IESE Insight
Education, not funding, key to success of microenterprises
In countries with high unemployment rates, spending public money on learning rather than supporting entrepreneurs may be best for long-term impact.
What best predicts whether a very small business will thrive or not?
Here's a hint: public funding does not seem to be the answer. At least not in Argentina. There, an entrepreneur's level of education and dedication tended to be better predictors of business success, even as public funding flowed.
Pascual Berrone of IESE and co-authors from the National University of Cordoba in Argentina studied 300 microenterprises with five or fewer employees. They set out to identify the determinants of performance, and found some surprising results.
Published in the Journal of Small Business Management, the preliminary evidence from this study suggests that education, drive, commitment and the application of innovations are the factors that best predict business success.
In contrast, when an entrepreneur starts a business because he or she has no other job, the chances of that business succeeding tended to be lower than when an entrepreneur starts a business because he or she sees a product opportunity or a market niche to fill.
Microenterprises with macro importance
Microenterprises can be important players in a country's economic growth and development. In Latin America, more than 80 percent of businesses are microenterprises, and they are often recipients of public money to spur growth and reduce unemployment. In fact, many believe that "all you need is funding" to make a go of a small enterprise.
However, using public money to finance microenterprises as a means to reduce unemployment and alleviate poverty may just be a short-term solution.

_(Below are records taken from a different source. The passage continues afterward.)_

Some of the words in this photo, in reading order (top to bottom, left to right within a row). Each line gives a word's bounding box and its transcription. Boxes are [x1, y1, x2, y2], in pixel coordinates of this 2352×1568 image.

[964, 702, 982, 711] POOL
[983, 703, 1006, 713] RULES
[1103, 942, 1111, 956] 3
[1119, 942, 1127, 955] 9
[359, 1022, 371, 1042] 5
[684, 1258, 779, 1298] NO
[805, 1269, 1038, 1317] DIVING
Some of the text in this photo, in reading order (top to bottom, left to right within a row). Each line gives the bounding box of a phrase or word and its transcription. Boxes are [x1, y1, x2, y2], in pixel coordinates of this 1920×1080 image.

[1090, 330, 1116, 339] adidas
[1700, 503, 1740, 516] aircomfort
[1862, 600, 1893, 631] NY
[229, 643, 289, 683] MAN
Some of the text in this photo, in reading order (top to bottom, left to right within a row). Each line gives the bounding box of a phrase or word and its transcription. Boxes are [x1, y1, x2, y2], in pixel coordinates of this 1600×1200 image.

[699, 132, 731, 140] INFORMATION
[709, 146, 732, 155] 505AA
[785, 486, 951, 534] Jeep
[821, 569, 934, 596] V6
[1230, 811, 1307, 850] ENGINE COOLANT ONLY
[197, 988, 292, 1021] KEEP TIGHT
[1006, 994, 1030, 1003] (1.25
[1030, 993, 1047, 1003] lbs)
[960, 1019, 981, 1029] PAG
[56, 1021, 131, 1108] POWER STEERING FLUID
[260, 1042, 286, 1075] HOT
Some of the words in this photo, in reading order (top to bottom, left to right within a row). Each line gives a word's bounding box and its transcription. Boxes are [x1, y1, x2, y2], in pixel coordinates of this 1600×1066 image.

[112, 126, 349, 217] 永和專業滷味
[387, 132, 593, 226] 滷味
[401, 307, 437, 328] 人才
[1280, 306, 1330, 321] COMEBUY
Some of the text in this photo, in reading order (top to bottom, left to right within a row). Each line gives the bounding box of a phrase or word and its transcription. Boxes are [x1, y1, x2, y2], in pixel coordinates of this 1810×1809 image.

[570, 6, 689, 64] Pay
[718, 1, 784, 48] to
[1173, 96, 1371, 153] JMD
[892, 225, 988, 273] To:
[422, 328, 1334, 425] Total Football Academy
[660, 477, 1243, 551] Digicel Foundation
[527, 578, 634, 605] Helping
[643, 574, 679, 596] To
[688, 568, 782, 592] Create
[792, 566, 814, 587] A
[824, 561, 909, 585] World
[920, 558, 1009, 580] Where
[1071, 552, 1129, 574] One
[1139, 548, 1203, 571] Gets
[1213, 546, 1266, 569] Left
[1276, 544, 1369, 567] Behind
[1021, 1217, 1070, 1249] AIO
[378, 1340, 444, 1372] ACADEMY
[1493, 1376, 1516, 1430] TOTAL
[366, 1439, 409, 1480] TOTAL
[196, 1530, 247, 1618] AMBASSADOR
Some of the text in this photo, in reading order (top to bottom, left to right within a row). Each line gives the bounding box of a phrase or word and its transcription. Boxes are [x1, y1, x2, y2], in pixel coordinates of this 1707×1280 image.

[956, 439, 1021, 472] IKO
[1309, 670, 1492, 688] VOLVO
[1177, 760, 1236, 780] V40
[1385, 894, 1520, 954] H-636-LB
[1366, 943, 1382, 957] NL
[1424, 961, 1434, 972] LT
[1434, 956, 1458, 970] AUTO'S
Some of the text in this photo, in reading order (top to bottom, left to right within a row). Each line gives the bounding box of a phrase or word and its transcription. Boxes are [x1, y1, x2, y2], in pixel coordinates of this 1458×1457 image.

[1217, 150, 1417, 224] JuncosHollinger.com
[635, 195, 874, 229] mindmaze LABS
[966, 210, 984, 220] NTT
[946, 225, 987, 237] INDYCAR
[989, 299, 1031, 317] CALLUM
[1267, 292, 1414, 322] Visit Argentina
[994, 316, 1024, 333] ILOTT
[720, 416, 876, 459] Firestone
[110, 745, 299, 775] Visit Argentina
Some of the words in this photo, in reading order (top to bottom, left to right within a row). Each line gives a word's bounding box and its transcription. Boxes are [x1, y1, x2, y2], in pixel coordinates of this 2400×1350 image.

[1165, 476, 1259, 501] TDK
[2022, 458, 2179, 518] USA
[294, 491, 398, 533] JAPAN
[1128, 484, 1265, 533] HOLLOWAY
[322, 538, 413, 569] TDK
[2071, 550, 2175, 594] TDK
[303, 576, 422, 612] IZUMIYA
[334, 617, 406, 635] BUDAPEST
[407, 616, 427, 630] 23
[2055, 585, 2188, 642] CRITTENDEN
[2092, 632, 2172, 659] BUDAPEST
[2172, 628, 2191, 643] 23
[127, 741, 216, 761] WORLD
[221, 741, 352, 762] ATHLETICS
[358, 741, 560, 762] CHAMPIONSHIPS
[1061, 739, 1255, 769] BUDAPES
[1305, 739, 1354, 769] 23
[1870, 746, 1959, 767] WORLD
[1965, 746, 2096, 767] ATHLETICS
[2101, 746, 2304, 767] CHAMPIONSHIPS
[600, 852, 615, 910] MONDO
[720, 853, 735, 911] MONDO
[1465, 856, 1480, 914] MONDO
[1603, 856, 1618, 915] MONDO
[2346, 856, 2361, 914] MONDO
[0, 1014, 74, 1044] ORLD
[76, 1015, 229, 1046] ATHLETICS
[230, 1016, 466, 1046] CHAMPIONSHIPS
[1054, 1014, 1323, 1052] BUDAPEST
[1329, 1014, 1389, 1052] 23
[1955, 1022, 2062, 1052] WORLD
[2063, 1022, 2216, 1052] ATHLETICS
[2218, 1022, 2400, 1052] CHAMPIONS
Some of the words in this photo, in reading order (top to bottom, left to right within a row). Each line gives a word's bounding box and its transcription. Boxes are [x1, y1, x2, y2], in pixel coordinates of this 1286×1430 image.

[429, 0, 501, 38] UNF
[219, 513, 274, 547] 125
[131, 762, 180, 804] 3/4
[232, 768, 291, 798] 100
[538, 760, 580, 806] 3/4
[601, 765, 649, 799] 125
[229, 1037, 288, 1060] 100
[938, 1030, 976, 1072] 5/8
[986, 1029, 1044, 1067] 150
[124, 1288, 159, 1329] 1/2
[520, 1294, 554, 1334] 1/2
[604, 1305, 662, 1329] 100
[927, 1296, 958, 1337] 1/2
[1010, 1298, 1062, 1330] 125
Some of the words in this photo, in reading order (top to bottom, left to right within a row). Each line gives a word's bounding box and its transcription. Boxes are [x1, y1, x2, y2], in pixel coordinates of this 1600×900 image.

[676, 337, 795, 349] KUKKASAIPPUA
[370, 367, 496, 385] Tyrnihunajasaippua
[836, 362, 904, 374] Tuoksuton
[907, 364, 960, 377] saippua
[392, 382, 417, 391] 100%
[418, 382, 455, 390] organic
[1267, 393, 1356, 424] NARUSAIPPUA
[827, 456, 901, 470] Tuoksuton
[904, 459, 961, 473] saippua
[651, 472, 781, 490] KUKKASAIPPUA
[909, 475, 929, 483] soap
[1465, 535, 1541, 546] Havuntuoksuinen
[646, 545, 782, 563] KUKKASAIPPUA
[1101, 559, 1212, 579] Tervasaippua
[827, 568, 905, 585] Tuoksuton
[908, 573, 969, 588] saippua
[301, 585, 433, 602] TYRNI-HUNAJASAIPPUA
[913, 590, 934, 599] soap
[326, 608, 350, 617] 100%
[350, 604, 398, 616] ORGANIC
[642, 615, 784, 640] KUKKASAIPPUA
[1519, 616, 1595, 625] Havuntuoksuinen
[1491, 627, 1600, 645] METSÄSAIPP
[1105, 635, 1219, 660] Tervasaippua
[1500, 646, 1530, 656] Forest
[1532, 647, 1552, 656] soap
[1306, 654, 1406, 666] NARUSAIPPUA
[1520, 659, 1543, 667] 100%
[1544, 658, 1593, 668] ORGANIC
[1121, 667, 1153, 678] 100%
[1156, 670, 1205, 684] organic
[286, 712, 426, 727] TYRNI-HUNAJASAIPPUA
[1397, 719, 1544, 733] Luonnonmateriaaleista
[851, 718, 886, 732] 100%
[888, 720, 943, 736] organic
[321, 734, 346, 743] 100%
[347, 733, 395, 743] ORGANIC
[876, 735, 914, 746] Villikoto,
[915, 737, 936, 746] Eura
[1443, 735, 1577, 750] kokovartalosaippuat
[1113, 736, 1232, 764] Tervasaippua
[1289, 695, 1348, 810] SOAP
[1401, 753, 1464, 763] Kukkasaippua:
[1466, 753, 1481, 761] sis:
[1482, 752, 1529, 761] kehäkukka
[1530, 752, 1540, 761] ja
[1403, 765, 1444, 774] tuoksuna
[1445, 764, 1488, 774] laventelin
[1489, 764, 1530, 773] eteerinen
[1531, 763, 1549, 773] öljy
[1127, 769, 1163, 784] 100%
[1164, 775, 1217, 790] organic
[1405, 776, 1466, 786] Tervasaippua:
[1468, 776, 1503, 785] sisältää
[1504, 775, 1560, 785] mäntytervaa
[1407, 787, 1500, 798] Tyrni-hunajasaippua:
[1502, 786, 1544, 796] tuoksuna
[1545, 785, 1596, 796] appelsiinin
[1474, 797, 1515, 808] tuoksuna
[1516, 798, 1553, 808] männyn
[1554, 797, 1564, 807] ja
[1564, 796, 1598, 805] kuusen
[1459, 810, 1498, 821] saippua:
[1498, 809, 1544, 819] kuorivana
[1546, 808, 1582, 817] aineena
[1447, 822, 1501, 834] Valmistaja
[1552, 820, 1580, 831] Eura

Berrone and co-authors write: "Public funds may be better invested in aspects that have proved to be beneficial for the success of microbusinesses, such as education or innovation, in order to provide sustainable prosperity."
Predictors of success
Based on their surveys of a sample of 300 microenterprises in Cordoba, Argentina, the authors identified a number of factors as important to a small company's performance.
- The level of formal education of the entrepreneur
- The level of dedication to the enterprise, which was determined by the number of hours invested in the venture
- The use of the entrepreneur's own capital
- The application of innovations, resulting in improvements to the value chain and differentiation from the competition
- A voluntary decision to start the enterprise, perhaps motivated by a perceived niche in the market. (In contrast, ventures motivated by unemployment did not perform as well.)
There were other factors that the authors did not find to be significant.
- The gender of the entrepreneur
- Family participation in the venture
- Whether or not the business operated formally or informally
Potential to alleviate poverty
In Argentina, an unstable economy with a high unemployment rate, financing microenterprises is seen as a means of poverty alleviation. But that thinking may be too short-term.
The study indicates that involuntary entrepreneurs, motivated by unemployment, underperform those motivated by a wish to improve their circumstances or reach a new niche in the market (voluntary entrepreneurs). If the aim of financing microenterprises is to spur economic growth, financing "involuntary" entrepreneurs may not be the way to go. They may be better served by an unemployment subsidy.
Meanwhile, the positive relationship between formal education and business performance suggests that policymakers with the long view in mind might look to education and training as investments in the future.